“How do you know when your habit has become an addiction?” Yes, I was talking to myself once again. A question I presented to myself in the most delicate manner as I was driving home from physical therapy session.
“Should I still be lifting weights?” This question was asked by me but not to me this time but rather to my therapist just before my session ended.
I asked this because of the severe muscle cramps and joint pain I had which are caused by the flairs ups do to my fibromyalgia, which usually gets worse during the winter months. Of course, I knew the answer but had to hear it from a professional.
I mean come on, if it hurts to lift groceries in and out my car, if it hurts to lift a blanket off my body, why would I think lifting any kind of weights would be any better?
His professional opinion was yes and he started to remind me of the definition for insanity, I put my hand up in front of his face as if to say, “stop, I know”, nothing like being confronted with the obvious. I almost rolled my eyes at the dear man, who is old enough to be my father and kind enough to be my grandfather but out of respect, I just nodded and agreed.
He was right; I had been doing the same thing repeatedly in hopes of strengthening my muscles. I had come to enjoy the endorphins that kicked in when I lifted and the results I had experienced from the workout but muscle strength I had not received, just the opposite had happened, my muscles had become week.
I thanked him for the session as well as the confirmation of what I had already known, scheduled my next appointment and headed for my car. Honestly, I was in a little fog as I got in my car to head home.
The familiar feeling of not wanting to give up a habit that was now bad for me brought me right back to my early years in recovery. “How could this be the same, this is exercise?”
The reality of it is this; there are those habits that are good for me and then those that are bad me. I know smoking is a bad habit, never a good choice. But then there are those habits that start out good and can turn into something bad, drug use for pain, food intake for pleasure, relationships, I could place anything in there and call it a habit and if I do it long enough it could become an addiction.
How did I know my habit of lifting weights had become an addiction?
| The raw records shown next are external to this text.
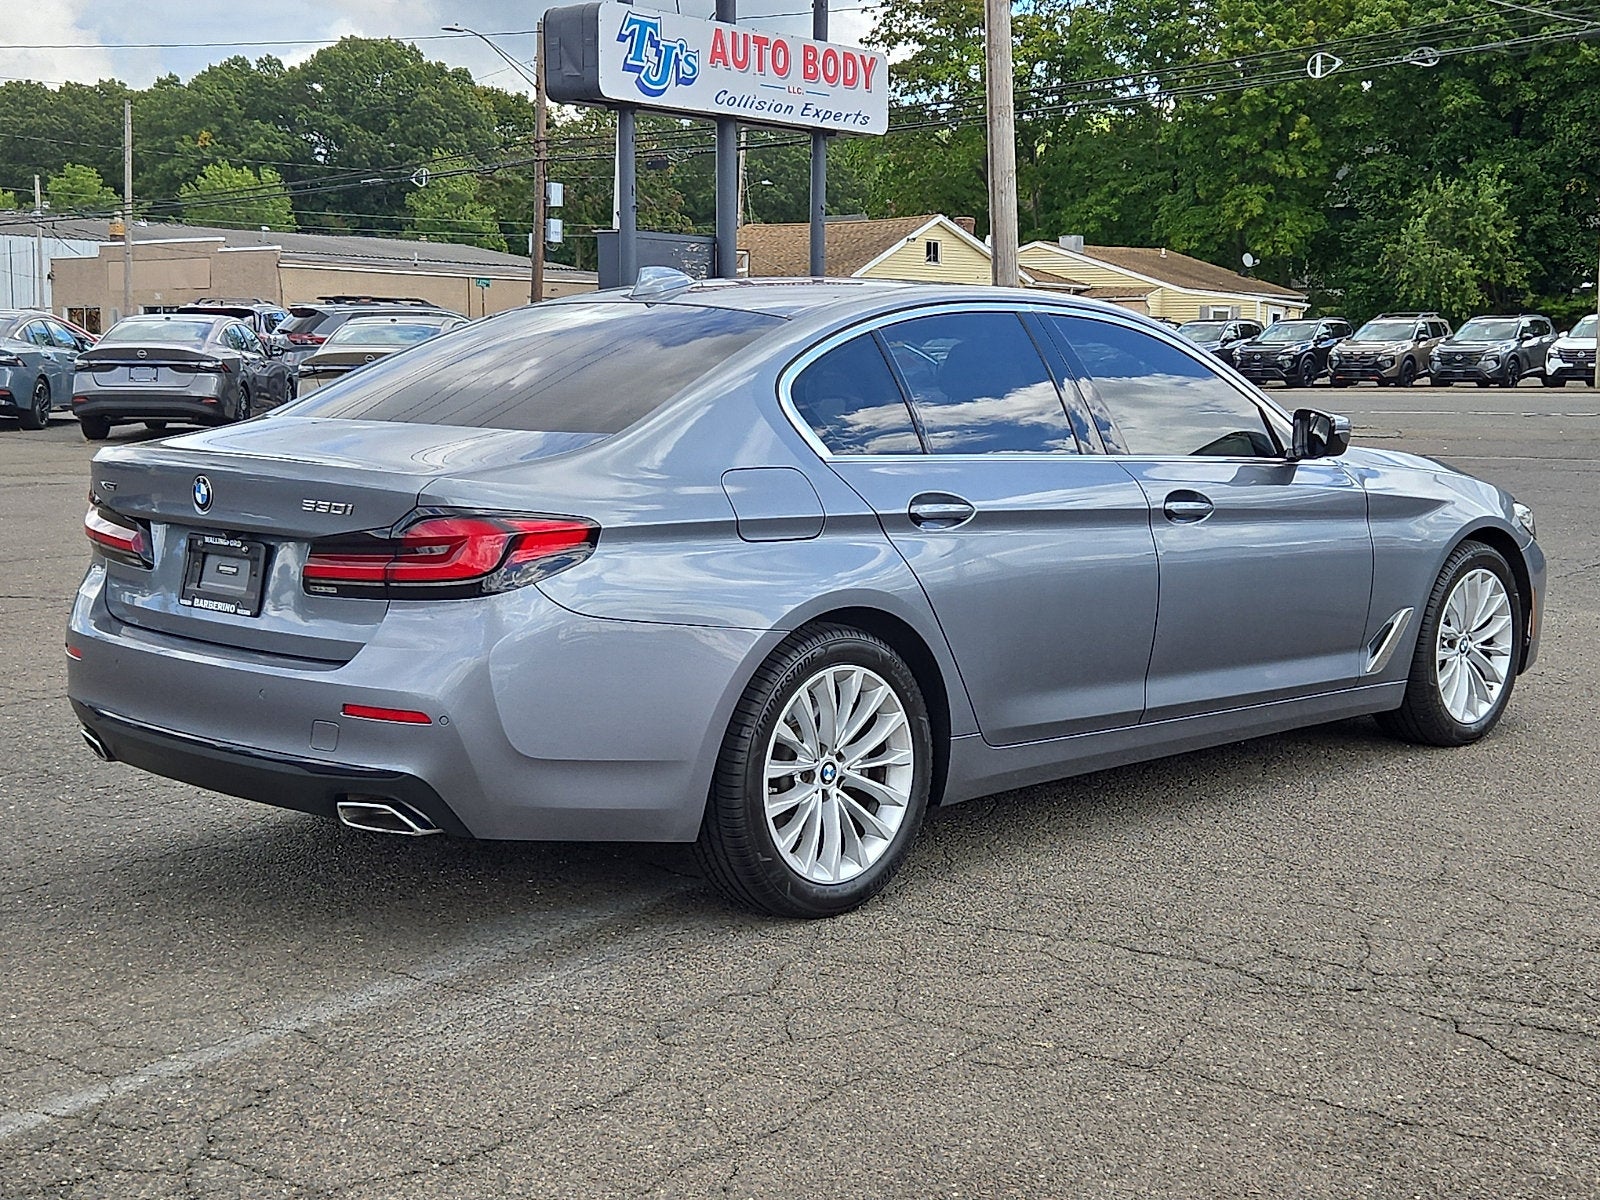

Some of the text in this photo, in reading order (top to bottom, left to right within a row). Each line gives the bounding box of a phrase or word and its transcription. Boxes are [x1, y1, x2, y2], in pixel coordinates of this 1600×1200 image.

[616, 10, 877, 97] TJ's AUTO BODY
[787, 85, 805, 96] LLC.
[714, 89, 871, 127] Collision Experts
[301, 499, 354, 516] 530i
[193, 598, 236, 613] BARBERINO
Simple, even though I had known it was causing me pain, harm and discomfort, I still could not imagine not doing it and even though I knew I should have stopped, I had to hear it from a professional and I still struggled with the answer.
After my realization in the car, I knew I had to quickly call my husband, not for sympathy mind you but rather for accountability, because I am queen of doing what I know I should not be doing especially if it looks and feels good. But ultimately what would happen is that my muscles would flair up and I would become completely useless to myself and others, it’s one thing if it just happens and another when I intentionally do something to harm myself.
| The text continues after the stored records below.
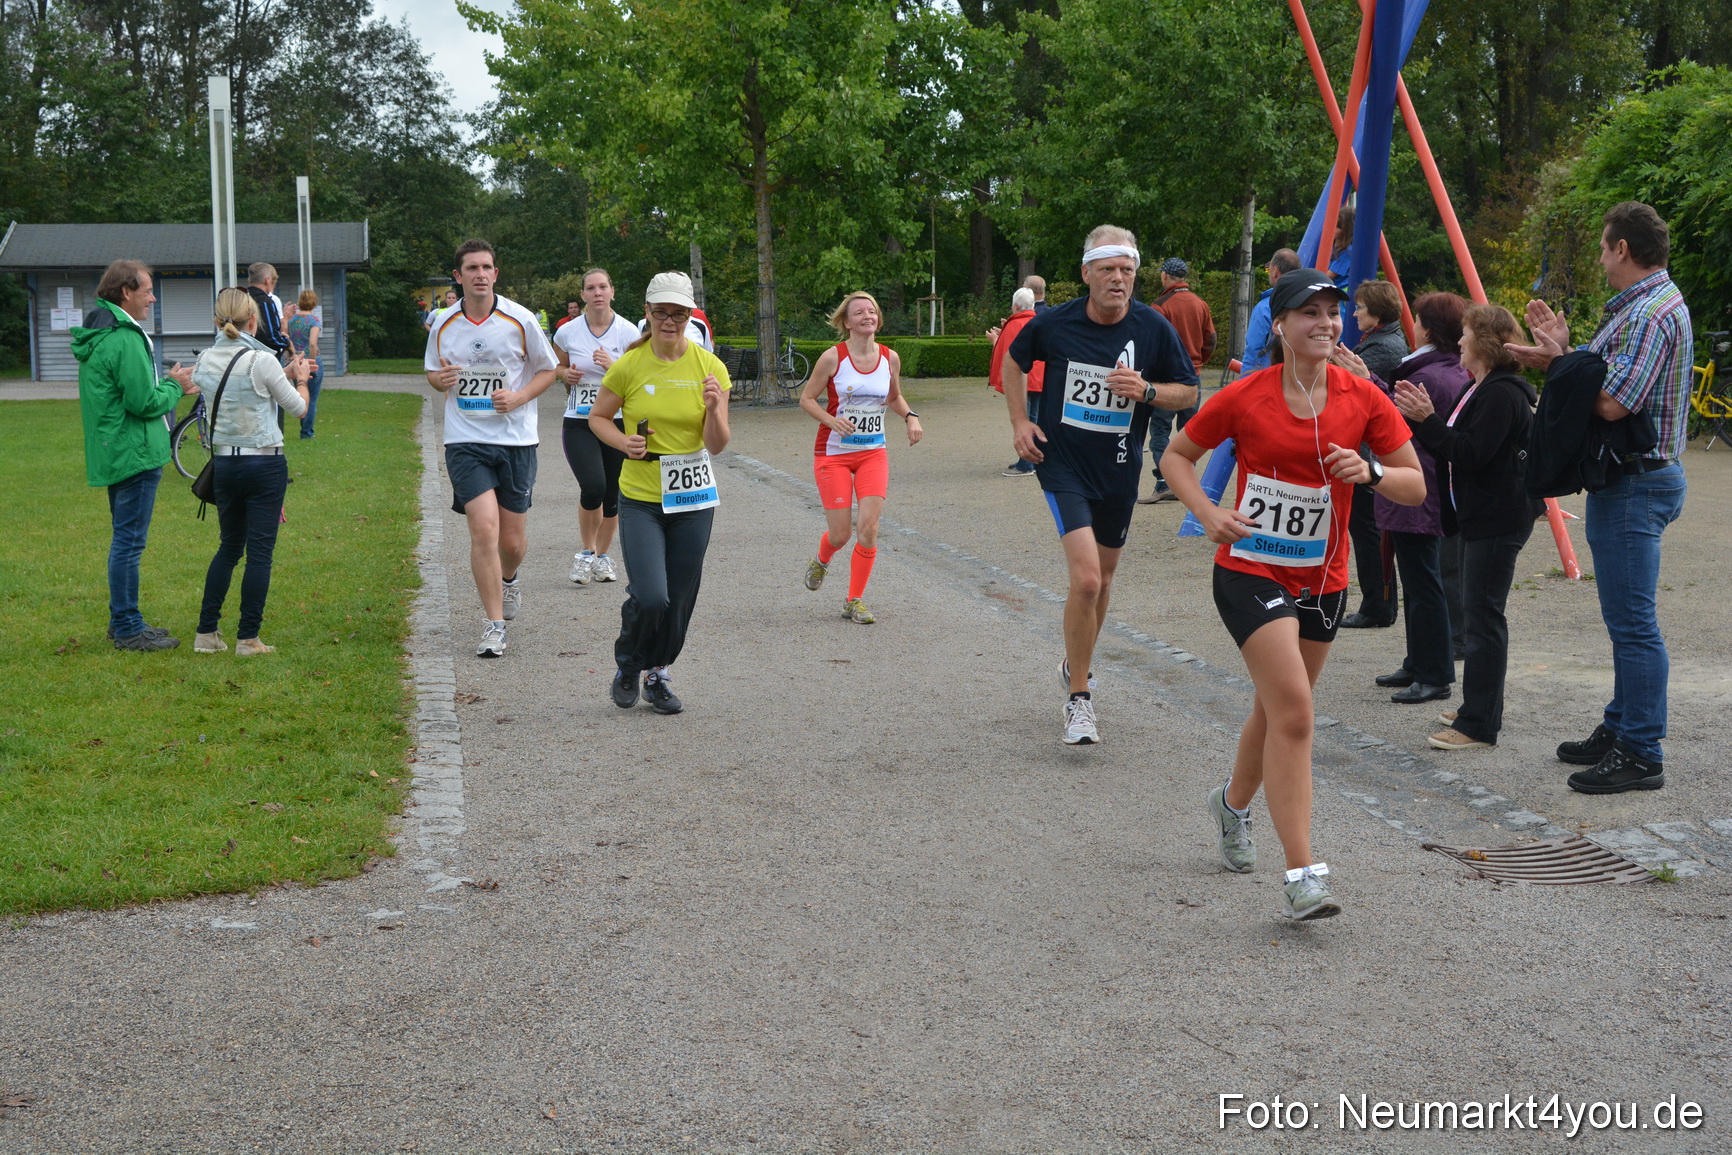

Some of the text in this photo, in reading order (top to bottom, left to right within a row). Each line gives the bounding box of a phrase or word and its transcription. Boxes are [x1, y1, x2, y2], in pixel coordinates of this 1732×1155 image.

[1069, 368, 1093, 378] PARTL
[1083, 410, 1111, 424] Bernd
[661, 460, 683, 468] PARTL
[668, 463, 711, 491] 2653
[675, 493, 709, 505] Dorothea
[1246, 482, 1321, 505] PARTL Neumarkt
[1245, 496, 1326, 537] 2187
[1254, 537, 1306, 556] Stefanie
It is crazy to think that in my flesh I would continue to do something just so I could reap the benefits of looking fit and feeling fine in the moment while paying the ultimate price of pain later on.
Therefore, how do I know when my habit has turned into an addiction? Well, here is the Webster’s definition of addiction. Addiction is the state of being enslaved to a habit or practice or to something that is psychologically or physically habit-forming, to such an extent that its cessation causes severe trauma.
I think I am safe to say that my habit had become an addiction; psychologically I could not imagine myself without it and severe trauma it had caused.